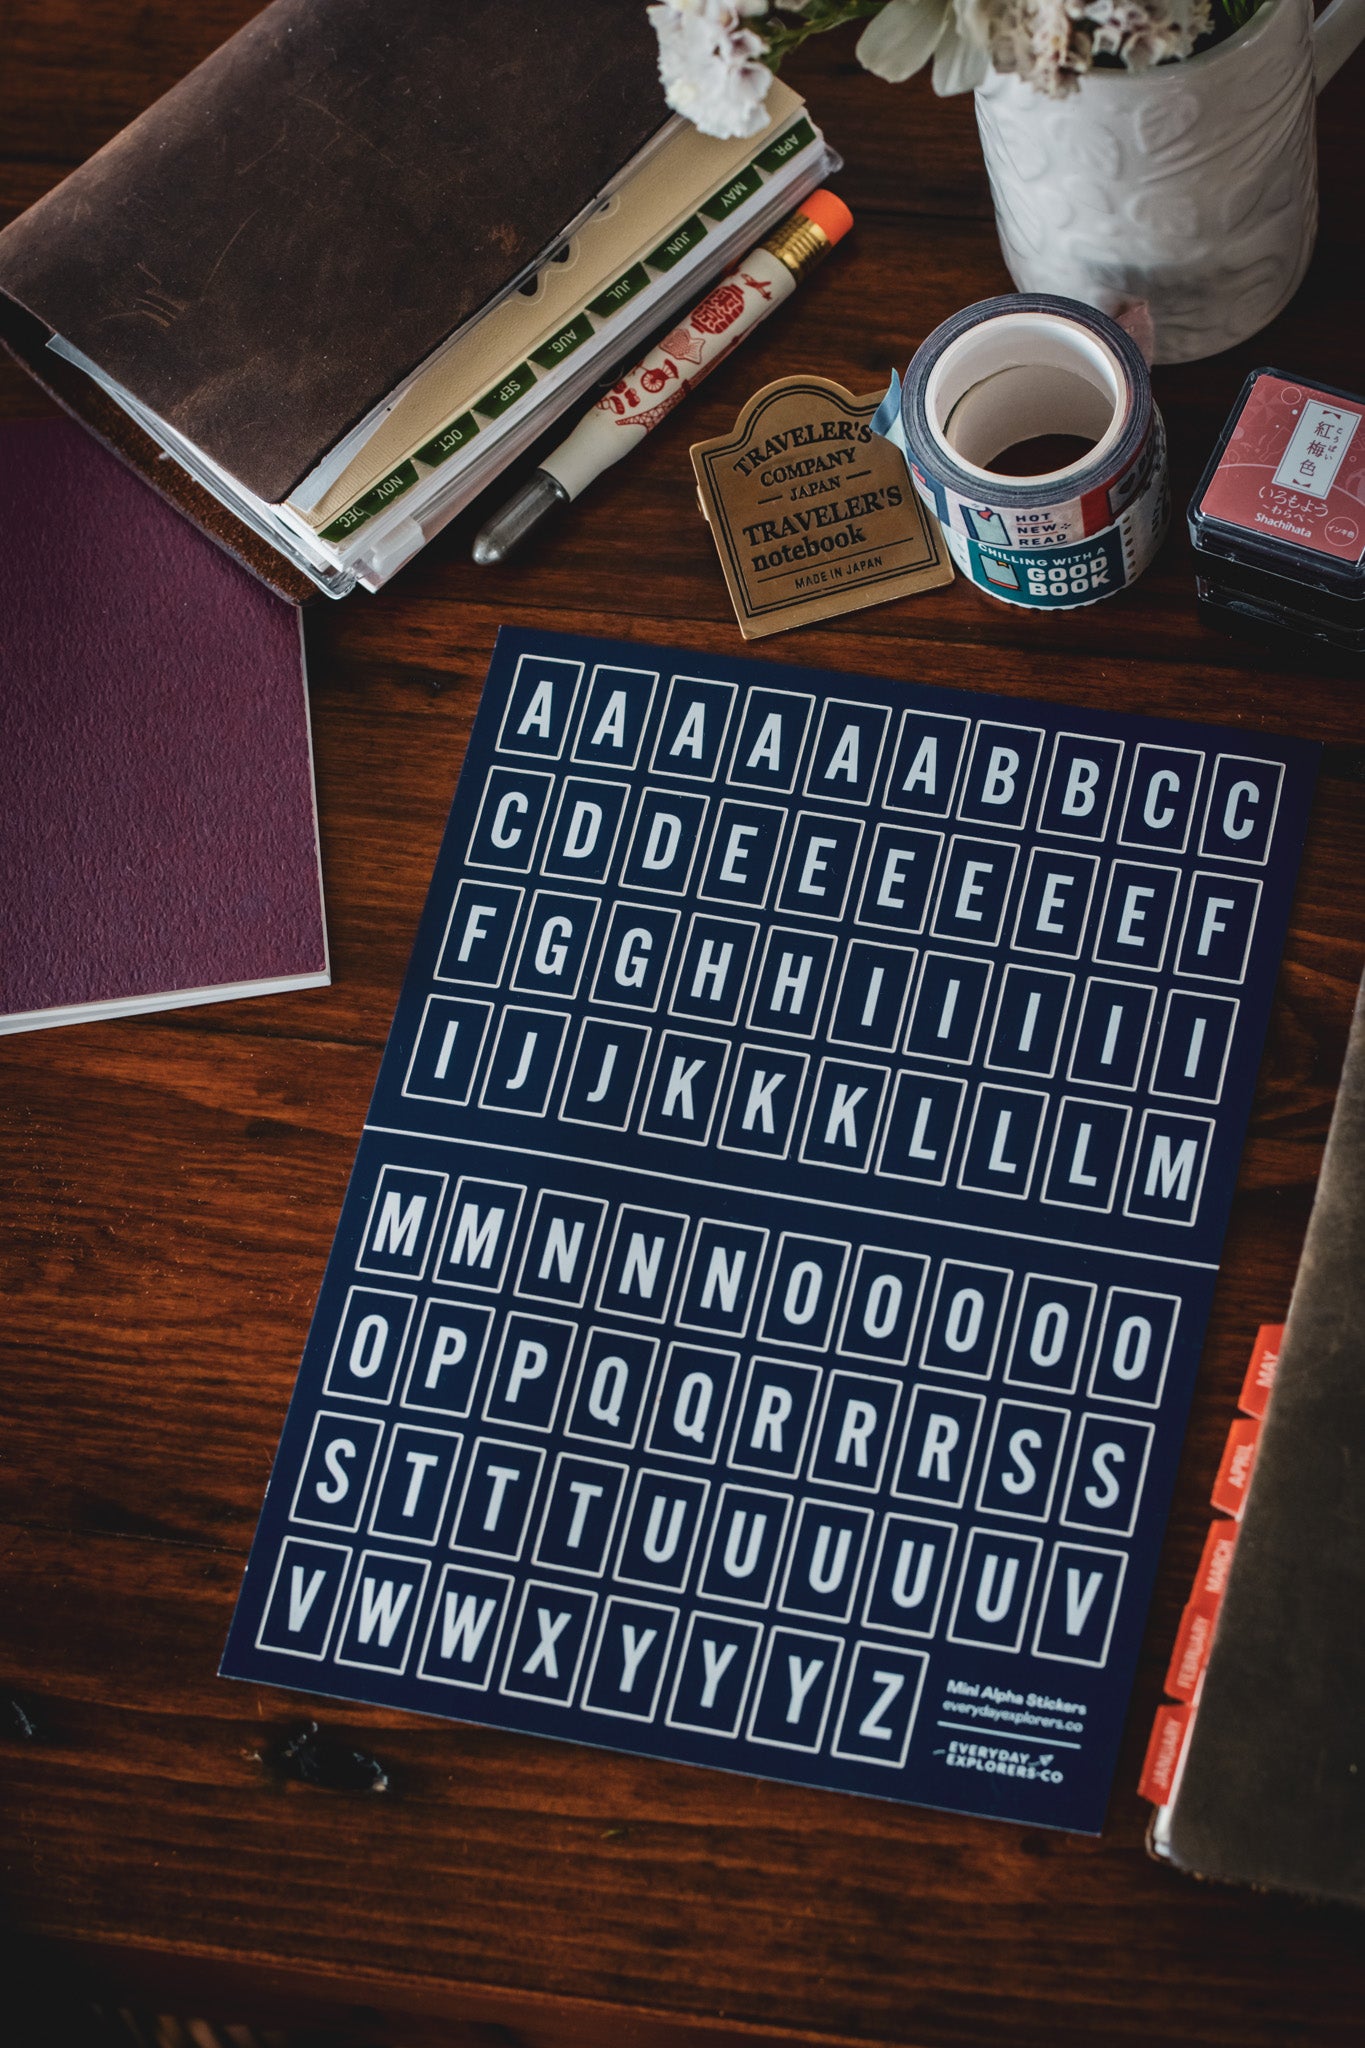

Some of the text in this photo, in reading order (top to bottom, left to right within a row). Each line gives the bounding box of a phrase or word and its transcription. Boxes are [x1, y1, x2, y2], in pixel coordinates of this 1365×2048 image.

[771, 133, 799, 156] APR.
[723, 181, 748, 208] MAY
[663, 231, 690, 255] JUN.
[548, 328, 577, 353] AUG.
[493, 380, 521, 402] SEP.
[434, 428, 463, 451] OCT.
[732, 421, 873, 477] TRAVELER'S
[1324, 427, 1343, 460] こうばい
[760, 447, 857, 487] COMPANY
[372, 475, 404, 500] NOV.
[790, 475, 841, 501] JAPAN
[1258, 486, 1329, 517] いろもよう
[336, 506, 366, 528] DEC.
[743, 485, 903, 548] TRAVELER'S
[1015, 512, 1052, 522] HOT
[1017, 523, 1058, 534] NEW
[1254, 511, 1313, 539] Shachihata
[751, 525, 867, 573] notebook
[977, 543, 1106, 567] CHILLING WITH A
[1019, 533, 1067, 546] READ
[794, 556, 883, 589] MADE IN JAPAN
[1027, 556, 1108, 582] GOOD
[1028, 569, 1111, 597] BOOK
[516, 680, 1260, 840] A A A A A A B B C C
[490, 791, 1235, 956] C D D E E E E E E F
[457, 904, 1207, 1078] F G G H H I I I I I
[433, 1020, 1198, 1202] I J J K K K L L L M
[371, 1190, 1152, 1381] M M N N N O O O O O
[1255, 1350, 1279, 1389] MAY
[349, 1314, 1126, 1509] O P P Q Q R R R S S
[1227, 1443, 1256, 1490] APRIL
[315, 1438, 1103, 1636] S T T T U U U U U V
[1205, 1538, 1233, 1594] MARCH
[288, 1565, 905, 1741] V W W X Y Y Y Z
[946, 1679, 1088, 1716] Mini Alpha Stickers
[942, 1699, 1084, 1733] everydayexplorers.co
[948, 1740, 1031, 1765] EVERYDAY
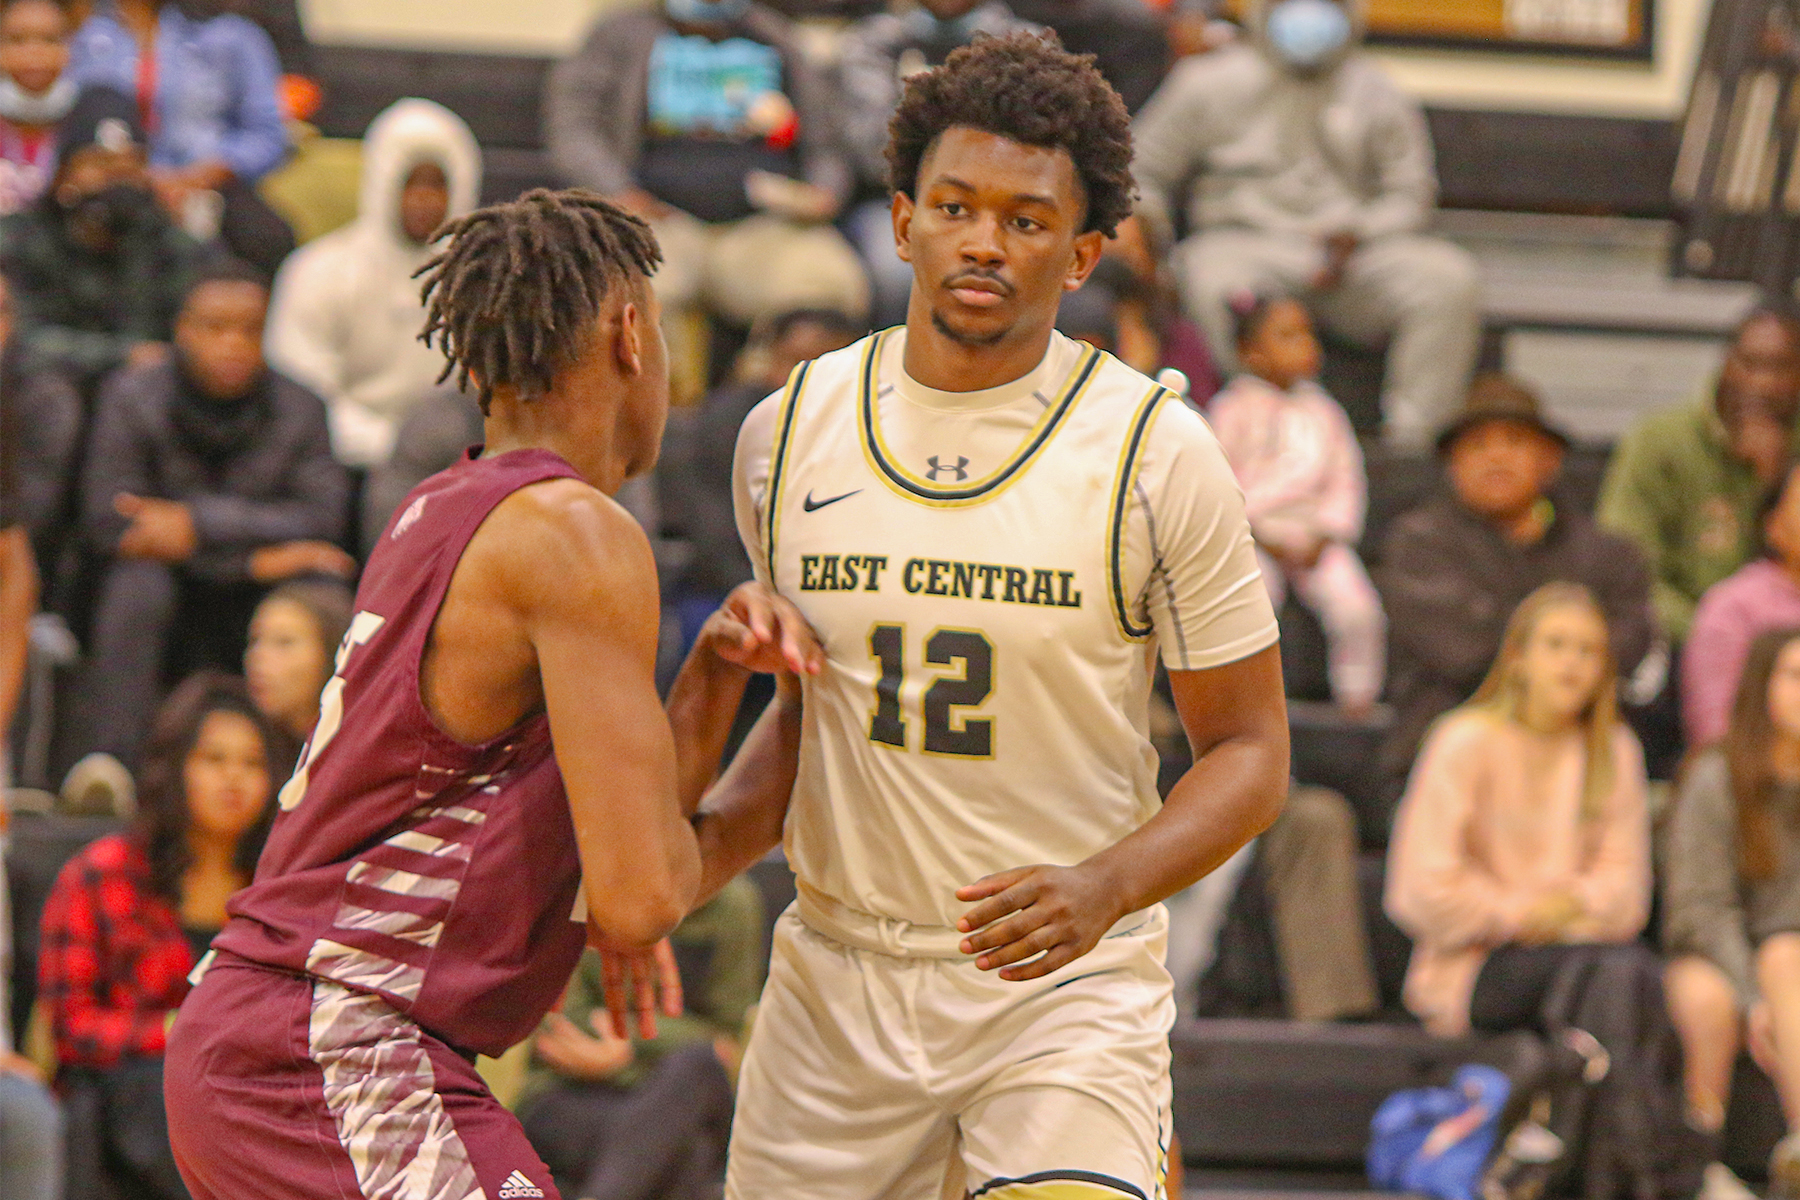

◆ ◆ ◆ ◆

_Task requirements_
Please repeat each line above exactly as it appears, but omit the pictures.

_Answer_
Some of the text in this photo, in reading order (top to bottom, left to right within a row). Each line gives the bounding box of a phrase or word and its transcription. Boxes are [x1, y1, x2, y2], in pixel coordinates of this 1365×2048 image.

[771, 133, 799, 156] APR.
[723, 181, 748, 208] MAY
[663, 231, 690, 255] JUN.
[548, 328, 577, 353] AUG.
[493, 380, 521, 402] SEP.
[434, 428, 463, 451] OCT.
[732, 421, 873, 477] TRAVELER'S
[1324, 427, 1343, 460] こうばい
[760, 447, 857, 487] COMPANY
[372, 475, 404, 500] NOV.
[790, 475, 841, 501] JAPAN
[1258, 486, 1329, 517] いろもよう
[336, 506, 366, 528] DEC.
[743, 485, 903, 548] TRAVELER'S
[1015, 512, 1052, 522] HOT
[1017, 523, 1058, 534] NEW
[1254, 511, 1313, 539] Shachihata
[751, 525, 867, 573] notebook
[977, 543, 1106, 567] CHILLING WITH A
[1019, 533, 1067, 546] READ
[794, 556, 883, 589] MADE IN JAPAN
[1027, 556, 1108, 582] GOOD
[1028, 569, 1111, 597] BOOK
[516, 680, 1260, 840] A A A A A A B B C C
[490, 791, 1235, 956] C D D E E E E E E F
[457, 904, 1207, 1078] F G G H H I I I I I
[433, 1020, 1198, 1202] I J J K K K L L L M
[371, 1190, 1152, 1381] M M N N N O O O O O
[1255, 1350, 1279, 1389] MAY
[349, 1314, 1126, 1509] O P P Q Q R R R S S
[1227, 1443, 1256, 1490] APRIL
[315, 1438, 1103, 1636] S T T T U U U U U V
[1205, 1538, 1233, 1594] MARCH
[288, 1565, 905, 1741] V W W X Y Y Y Z
[946, 1679, 1088, 1716] Mini Alpha Stickers
[942, 1699, 1084, 1733] everydayexplorers.co
[948, 1740, 1031, 1765] EVERYDAY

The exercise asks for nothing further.